Paper detail

The spinning Kerr-black-hole-mirror bomb: A lower bound on the radius of the reflecting mirror

The intriguing superradiant amplification phenomenon allows an orbiting scalar field to extract rotational energy from a spinning Kerr black hole. Interestingly, the energy extraction rate can grow exponentially in time if the black-hole-field system is placed inside a reflecting mirror which prevents the field from radiating its energy to infinity. This composed Kerr-black-hole-scalar-field-mirror system, first designed by Press and Teukolsky, has attracted the attention of physicists over the last four decades.
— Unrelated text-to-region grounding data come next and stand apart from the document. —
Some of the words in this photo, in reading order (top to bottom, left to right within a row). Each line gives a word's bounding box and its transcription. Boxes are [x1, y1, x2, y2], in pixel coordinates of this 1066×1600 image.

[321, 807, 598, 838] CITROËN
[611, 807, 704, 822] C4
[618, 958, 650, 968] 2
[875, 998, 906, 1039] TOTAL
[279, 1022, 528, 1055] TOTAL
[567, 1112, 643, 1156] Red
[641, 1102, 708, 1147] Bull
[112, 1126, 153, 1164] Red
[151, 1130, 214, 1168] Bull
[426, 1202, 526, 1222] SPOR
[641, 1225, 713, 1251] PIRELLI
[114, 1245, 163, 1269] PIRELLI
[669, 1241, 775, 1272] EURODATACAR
Previous numerical studies of this spinning {\it black-hole bomb} have revealed the interesting fact that the superradiant instability shuts down if the reflecting mirror is placed too close to the black-hole horizon. In the present study we use analytical techniques to explore the superradiant instability regime of this composed Kerr-black-hole-linearized-scalar-field-mirror system. In particular, it is proved that the lower bound ${r_{\text{m}}\over{r_+}}>{1\over 2}\Big(\sqrt{1+{{8M}\over{r_-}}}-1\Big)$ provides a necessary condition for the development of the exponentially growing superradiant instabilities in this composed physical system, where $r_{\text{m}}$ is the radius of the confining mirror and $r_{\pm}$ are the horizon radii of the spinning Kerr black hole. We further show that, in the linearized regime, this {\it analytically} derived lower bound on the radius of the confining mirror agrees with direct {\it numerical} computations of the superradiant instability spectrum which characterizes the spinning black-hole-mirror bomb.